> _EXERCISE DIRECTIONS_: Pictures aside, write out every record exactly as it appears.
RECORDS FOR THE TASK Block Start
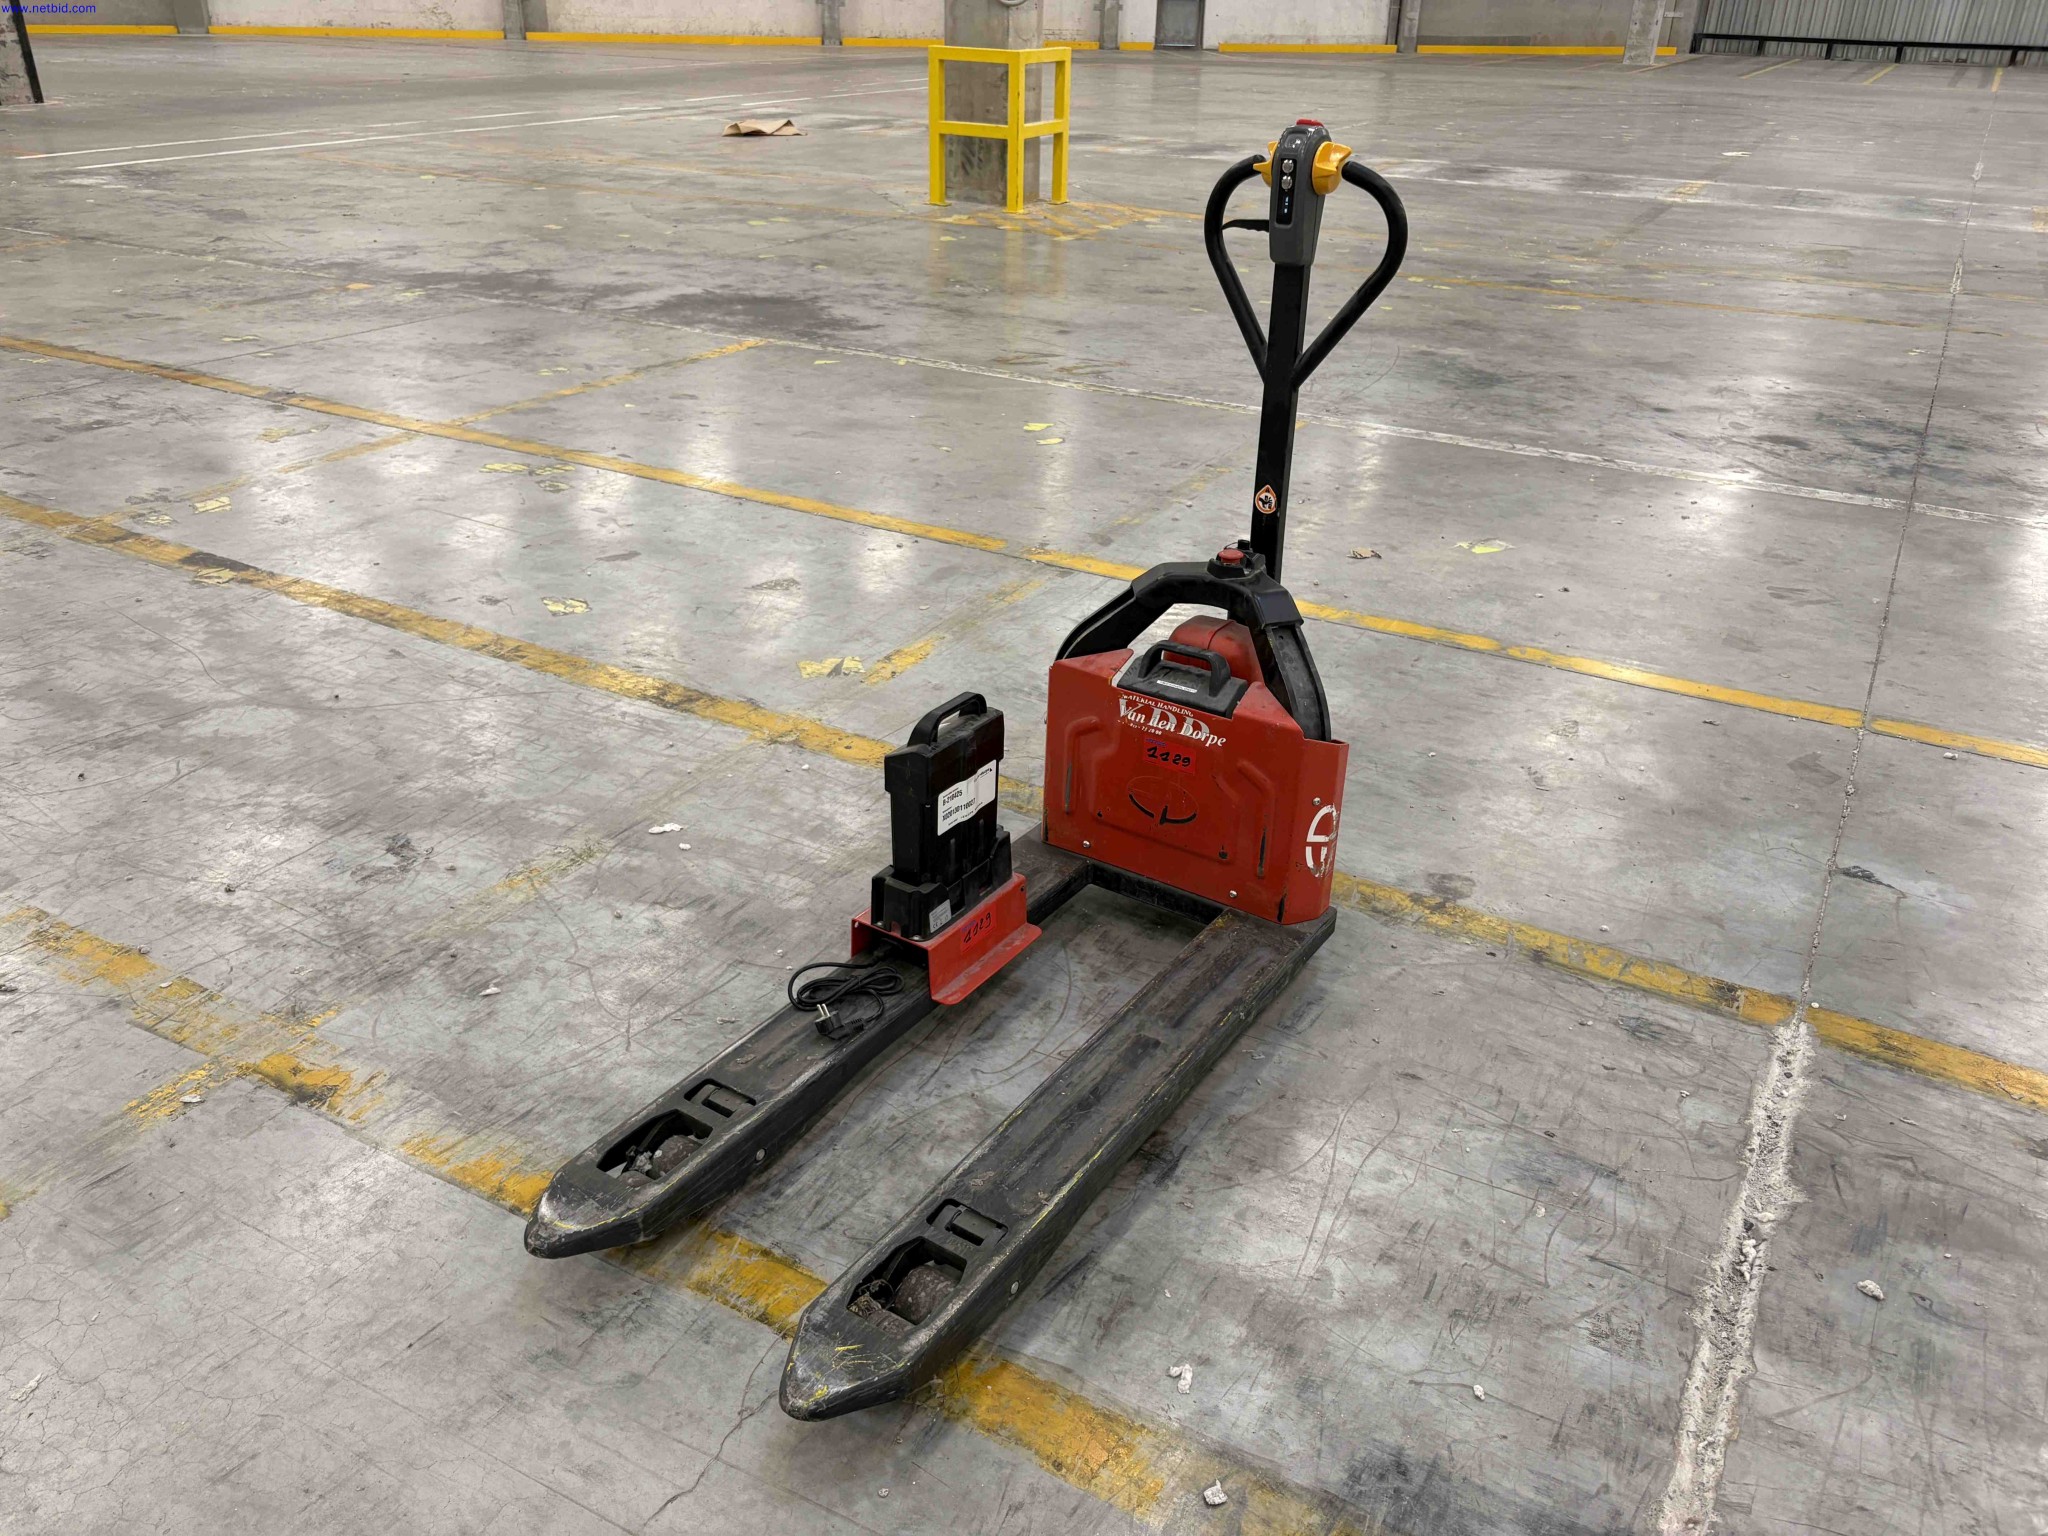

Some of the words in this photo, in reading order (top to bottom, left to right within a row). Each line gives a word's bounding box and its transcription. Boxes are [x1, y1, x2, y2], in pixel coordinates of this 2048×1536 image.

[1157, 702, 1194, 717] HANDLING
[1119, 704, 1145, 723] Van
[1147, 713, 1176, 732] den
[1178, 722, 1227, 747] Dorpe
[1147, 746, 1191, 767] 1129
[963, 911, 992, 943] 1129
RECORDS FOR THE TASK Block End
> _EXERCISE RESPONSE_:
Some of the words in this photo, in reading order (top to bottom, left to right within a row). Each line gives a word's bounding box and its transcription. Boxes are [x1, y1, x2, y2], in pixel coordinates of this 2048×1536 image.

[1157, 702, 1194, 717] HANDLING
[1119, 704, 1145, 723] Van
[1147, 713, 1176, 732] den
[1178, 722, 1227, 747] Dorpe
[1147, 746, 1191, 767] 1129
[963, 911, 992, 943] 1129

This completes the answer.